Exercise aim »
Print the entries in full, word for word, but not the pictures.

Supplied data »
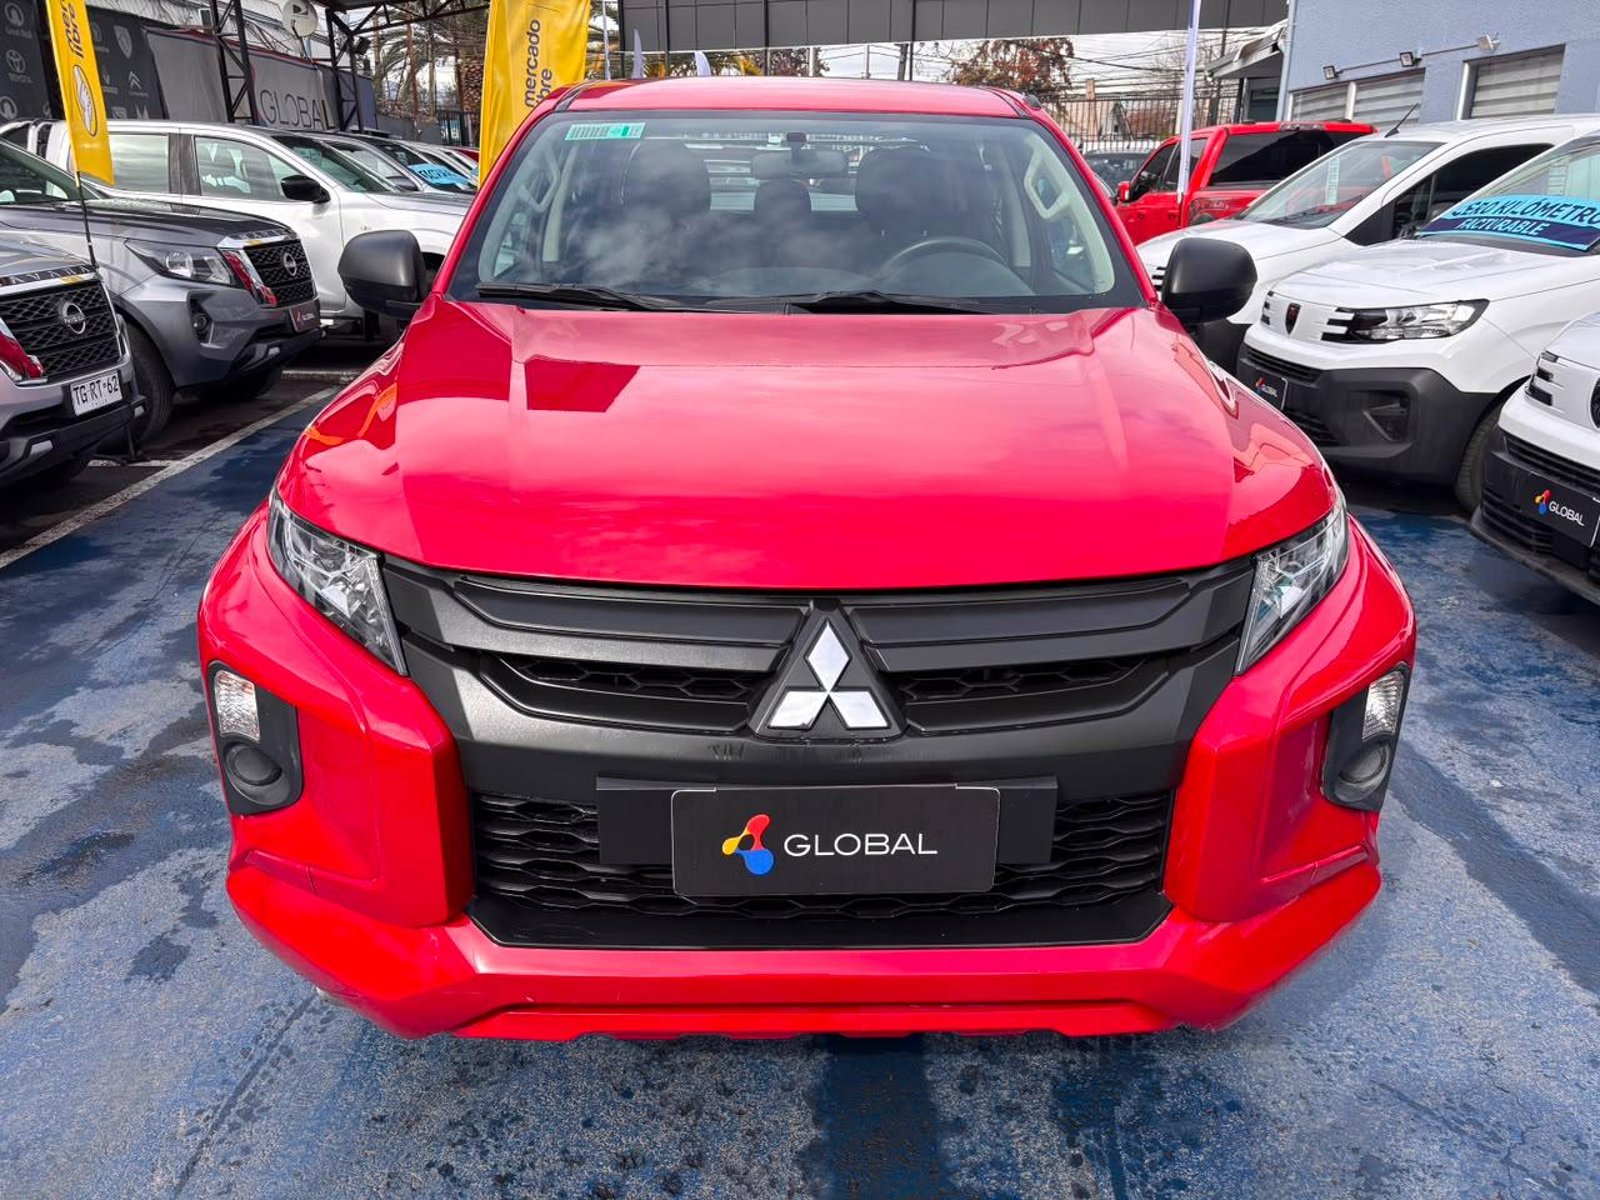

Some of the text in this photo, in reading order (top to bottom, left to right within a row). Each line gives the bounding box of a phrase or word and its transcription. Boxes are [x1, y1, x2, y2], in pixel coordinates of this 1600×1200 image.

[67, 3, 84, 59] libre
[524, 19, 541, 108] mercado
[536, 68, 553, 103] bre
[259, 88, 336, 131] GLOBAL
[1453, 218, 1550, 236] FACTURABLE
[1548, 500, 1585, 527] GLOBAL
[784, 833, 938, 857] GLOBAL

Solution for this exercise »
Some of the text in this photo, in reading order (top to bottom, left to right within a row). Each line gives the bounding box of a phrase or word and its transcription. Boxes are [x1, y1, x2, y2], in pixel coordinates of this 1600×1200 image.

[67, 3, 84, 59] libre
[524, 19, 541, 108] mercado
[536, 68, 553, 103] bre
[259, 88, 336, 131] GLOBAL
[1453, 218, 1550, 236] FACTURABLE
[1548, 500, 1585, 527] GLOBAL
[784, 833, 938, 857] GLOBAL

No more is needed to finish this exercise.